5 Rules for Avoiding Worthless Startup Patents

The vast majority of patents today are worthless for creating business value, but by following the 5 Rules for Avoiding Worthless Startup Patents in this post, entrepreneurs can improve their odds of generating patent rights that create value for them.

1.  Know the Difference Between a Protecting Your Innovation and Protecting Your Product

Most patents cover only a single solution to a broad consumer problem, as opposed to the suite of solutions that solve the problem. In other words, most patents cover inventions, not innovations. This means that competitors are often able to solve the same customer problem with a product that does not infringe the patent. Moreover, these competitors will be motivated to do so when the first to market (e.g., you) demonstrates that customers will clamber for a product that solves their problem (i.e., once the first innovator validates the business model) and, often, are able to do so at lower cost. In generating patent protection that “makes it easier for others to go through you than around you,” entrepreneurs must  recognize that patent coverage should focus not on features of the invention but, instead, on the benefits provided to the customer. Because such “market-making” patent coverage protects the benefits provided to the customer, competitors cannot legally sell a product encompassing the same benefits. In short, innovators who are the first to create products that solve a broad unmet consumer need must understand how to generate patent coverage that aligns with the reason the customer buys the product, not just the product itself.

2. Accept That It’s Not Your Attorney’s Job to Get You a Valuable Patent

Patents are hard. And arcane. And often boring. (Did I just say that out loud?!) All of which mean that it’s tempting for busy entrepreneurs to want to hand everything over to their patent attorney to handle. But your patent attorney is not the expert in your business, and she is likely is only moderately knowledgeable in the specifics of your company’s technology. If you want to obtain a patent that “makes it cheaper to go through you than around you,” you must be actively involved at all stages of the patent drafting process.
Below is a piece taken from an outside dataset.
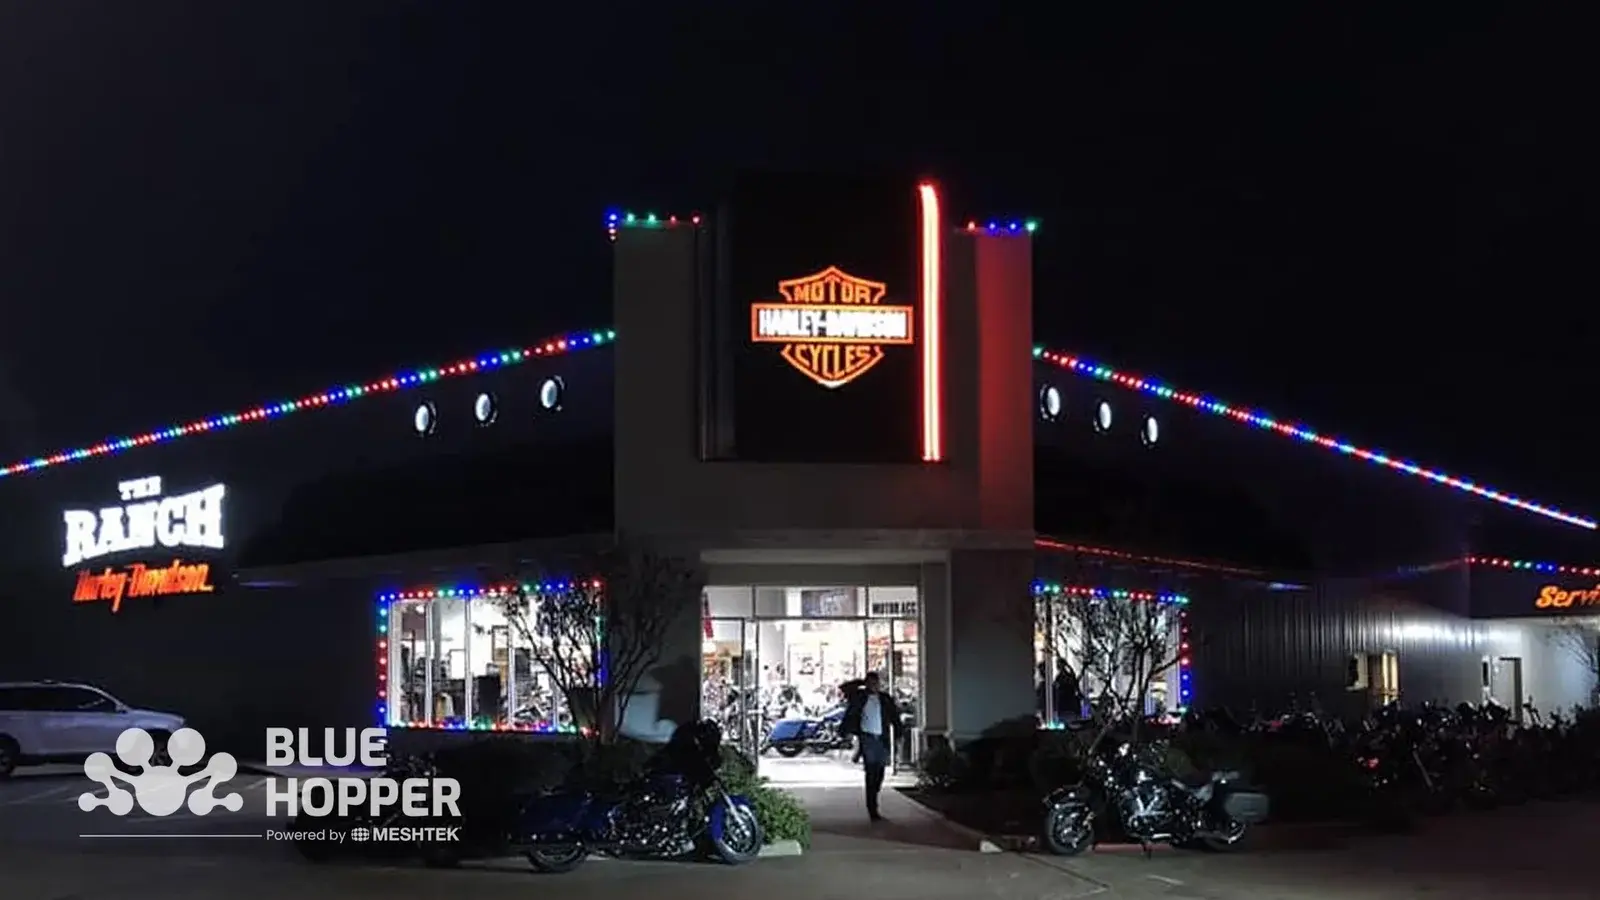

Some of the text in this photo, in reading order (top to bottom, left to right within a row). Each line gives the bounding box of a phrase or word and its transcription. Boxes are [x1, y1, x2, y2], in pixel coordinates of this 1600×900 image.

Put simply, your patent attorney is nothing more than your conduit to the Patent Office: if you don’t tell her how to define the business value that you seek to obtain from your patent filing, you are guaranteed not to get it.
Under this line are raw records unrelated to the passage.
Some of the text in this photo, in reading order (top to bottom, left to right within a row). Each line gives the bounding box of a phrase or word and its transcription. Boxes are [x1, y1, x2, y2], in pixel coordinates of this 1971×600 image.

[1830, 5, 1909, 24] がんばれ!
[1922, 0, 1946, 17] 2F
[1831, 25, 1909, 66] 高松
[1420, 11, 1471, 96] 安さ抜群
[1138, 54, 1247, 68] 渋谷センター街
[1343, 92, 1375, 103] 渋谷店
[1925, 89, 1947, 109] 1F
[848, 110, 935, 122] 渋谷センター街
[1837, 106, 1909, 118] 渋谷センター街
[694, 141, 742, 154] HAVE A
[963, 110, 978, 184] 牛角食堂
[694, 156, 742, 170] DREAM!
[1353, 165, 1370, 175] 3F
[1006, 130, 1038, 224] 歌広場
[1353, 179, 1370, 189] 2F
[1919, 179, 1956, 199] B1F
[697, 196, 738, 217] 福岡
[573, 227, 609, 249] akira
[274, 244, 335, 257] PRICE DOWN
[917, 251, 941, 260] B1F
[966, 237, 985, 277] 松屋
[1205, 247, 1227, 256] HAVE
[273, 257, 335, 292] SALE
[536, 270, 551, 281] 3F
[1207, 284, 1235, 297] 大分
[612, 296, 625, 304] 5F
3. Don’t Be Afraid to Wait to File Your Patent Application

In 2013, the US changed from a “first to invent” system to a “first to file” system. While patent attorneys always urged clients to file applications as early as possible, the new law seems to make folks believe that it is imperative to file as early as possible to prevent others from beating them to the Patent Office. The net result of this increased urgency is that even more patent applications will be filed for inventions that do not align with validated business models. As related in this post, Lean Startup requires us to demonstrate that customers exist prior to moving our business forward, and the same reasoning applies to filing a patent. As an entrepreneur, I should not care about obtaining a patent unless I know that such protection is needed to ensure that I will be able to capture the value of my validated business model. It then follows that any patent filing should wait until the customer is shown to exist. Of course, care must be taken to ensure that one does not disclose the “secret sauce” of your technology during the customer discovery process, but if you’re talking about such details during the customer discovery process, you’re not doing it right.
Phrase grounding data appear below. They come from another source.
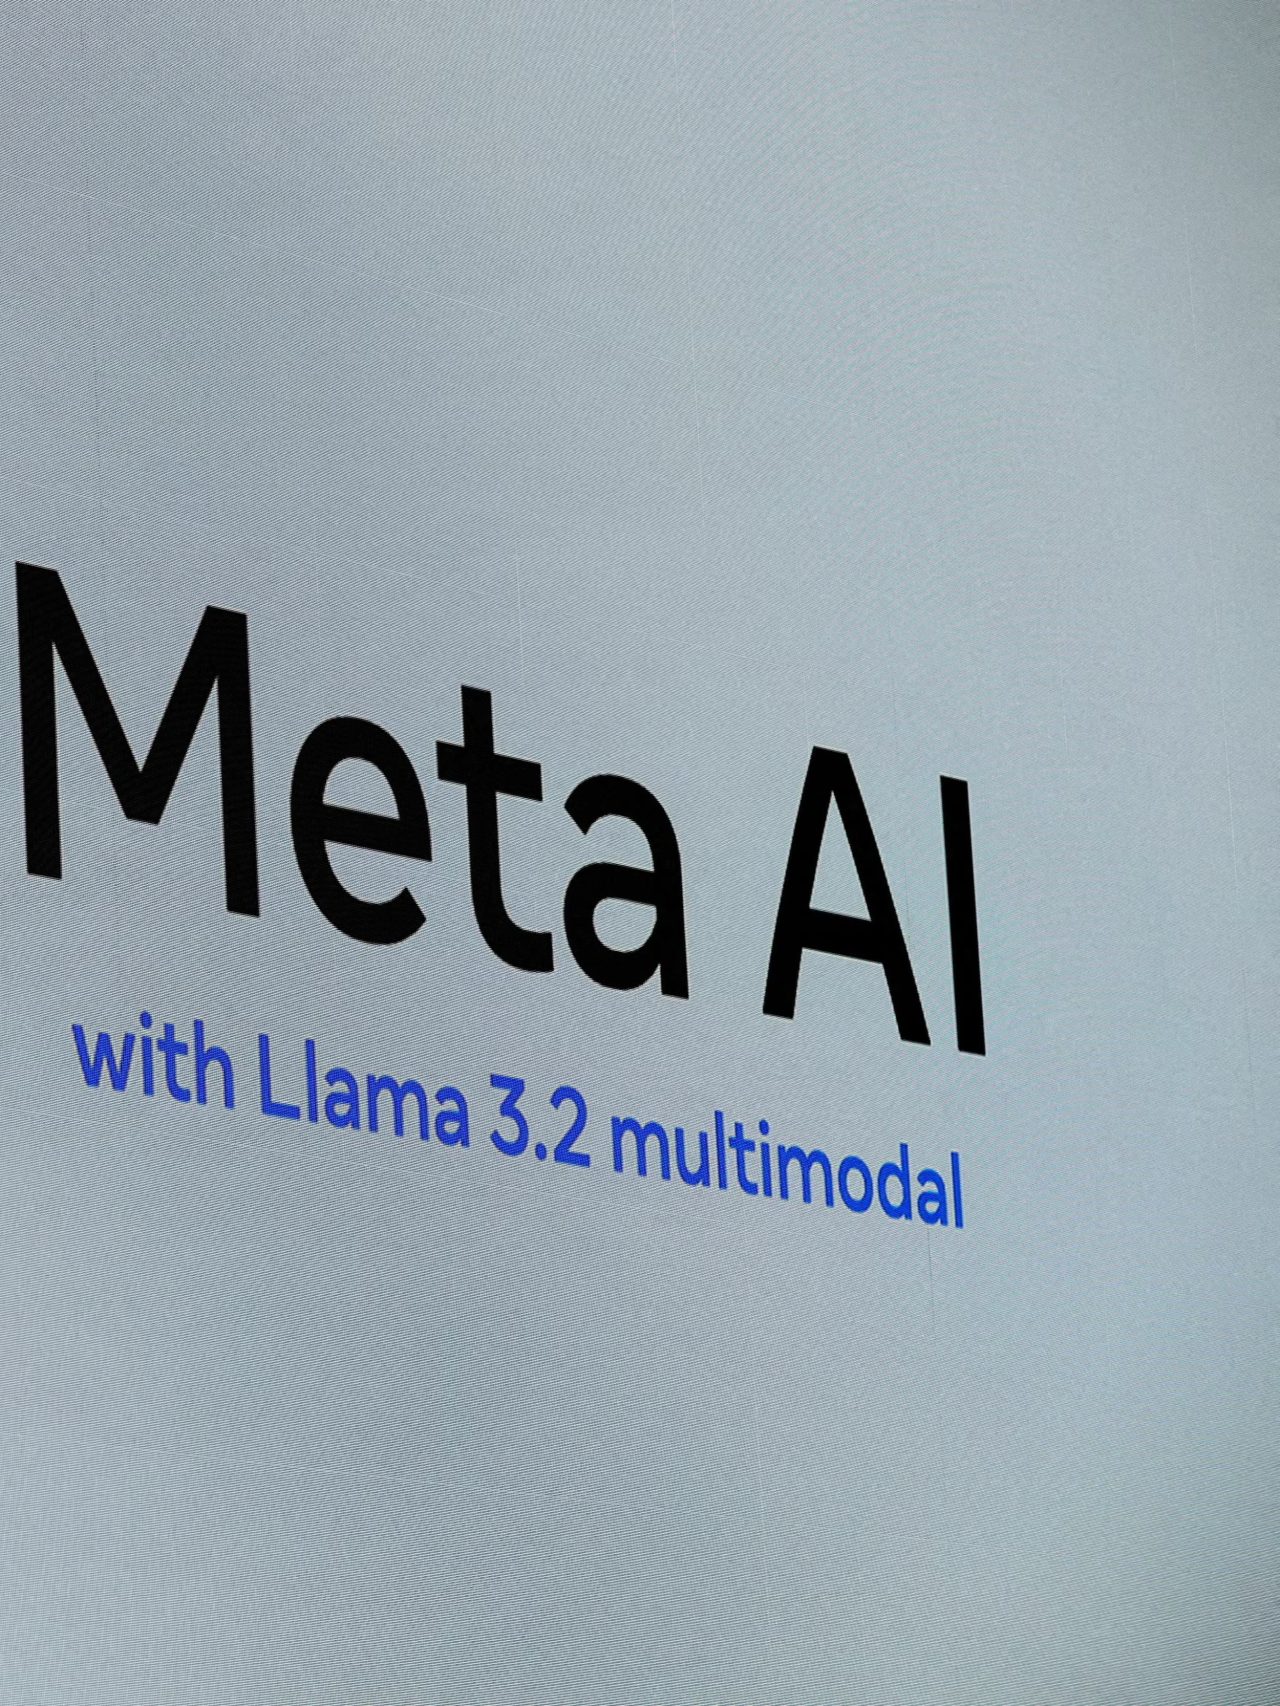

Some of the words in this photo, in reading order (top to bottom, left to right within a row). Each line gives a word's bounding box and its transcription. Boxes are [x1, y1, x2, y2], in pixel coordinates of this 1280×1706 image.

[15, 561, 691, 1000] Meta
[762, 745, 987, 1057] AI
[71, 1010, 237, 1111] with
[259, 1033, 472, 1150] Llama
[489, 1072, 592, 1169] 3.2
[610, 1109, 966, 1230] multimodal
4. Stop Choosing Your Patent Lawyers the Way You Choose Your Plumber

Large companies are lightyears better than startups when selecting patent counsel because, as experts themselves, they are able to vet their peers using professional quality metrics. In contrast, entrepreneurs tend to select their patent attorneys like they choose their plumbers, either as a result of succumbing to the lawyer’s marketing efforts or because they “know a guy who knows a guy.” As someone who regularly reviews the work of many of these lawyers when assessing patent value for those seeking to sell or buy patents, I can say with authority that entrepreneurs must be more diligent in choosing their patent service providers. For example, you know that lawyer at that big firm–you know the place where they give out the great swag to clients? I had to tell a client that he made a dumb mistake on a patent license that destroyed millions of dollars in market value. And, that patent lawyer who is the son-in-law of your next door neighbor? Yikes! He can’t draft a good patent to save his life. Significantly, you won’t find many in-house attorneys at sophisticated technology companies hiring these guys, which should be a strong signal that they shouldn’t be doing your work, either. A great way to discover names of great patent providers who are not the “usual suspects” is to apply your customer discovery skills: ask. But don’t ask entrepreneurs who are in the startup stage like you because they don’t know yet whether their patent attorneys are actually any good. Instead, you need to ask people who successfully exited from startups where patents are known to have formed a significant aspect of their company’s valuation. This information might be kind of hard to find, but we agree that you’re going to spend more effort on choosing your patent lawyer than you spend on the plumber, right?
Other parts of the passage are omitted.